What remains to be confirmed
- Deadlock Break:Although the tests pass, the polling loop identified in Step 0169 still persists. The heartbeat shows `LY=0 | Mode=2` constantly, suggesting that the PPU is not advancing or that the mode is not changing enough during the polling loop. More research is needed to identify why the mode does not change during actual execution.
- STAT Interrupts:STAT bits 3-6 allow interrupts to be generated when the PPU enters certain modes. This functionality is implemented but needs validation with real ROMs.
- Mode Update:The mode is updated at the start and end of `step()`, but if the polling loop executes many small instructions, the mode might not change enough for the game to detect. You need to check if the mode is updated frequently enough.

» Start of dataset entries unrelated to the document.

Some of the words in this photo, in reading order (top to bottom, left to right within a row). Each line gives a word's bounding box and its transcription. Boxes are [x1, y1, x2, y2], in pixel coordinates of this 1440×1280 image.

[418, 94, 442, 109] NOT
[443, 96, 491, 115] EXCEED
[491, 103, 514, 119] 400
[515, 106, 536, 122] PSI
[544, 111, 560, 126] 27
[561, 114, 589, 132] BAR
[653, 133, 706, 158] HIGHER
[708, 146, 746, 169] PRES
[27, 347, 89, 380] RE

Hypotheses and Assumptions
Main Hypothesis:The polling deadlock identified in Step 0169 will be broken now that the STAT register changes dynamically. The CPU will be able to detect when the PPU enters Mode 0 (H-Blank) or Mode 1 (V-Blank) and exit the waiting loop.
Timing Assumption:We assume that the timing values (80, 172, 204 cycles) are correct according to Pan Docs. If there are minor discrepancies, they could cause subtle synchronization problems.
Next Steps
- [✅] STAT register fix: removed forcing bit 7 to 1
- [✅] Test update: bit 7 verification removed
- [✅] Tests pass correctly: validation of PPU and STAT modes working
- [⚠️] Identified Problem:The polling loop remains infinite. The heartbeat shows `LY=0 | Mode=2` constantly, suggesting that the PPU is not advancing or that the mode is not changing enough during the polling loop.
- [ ] Investigate why the PPU does not advance during the polling loop (check if it receives cycles correctly)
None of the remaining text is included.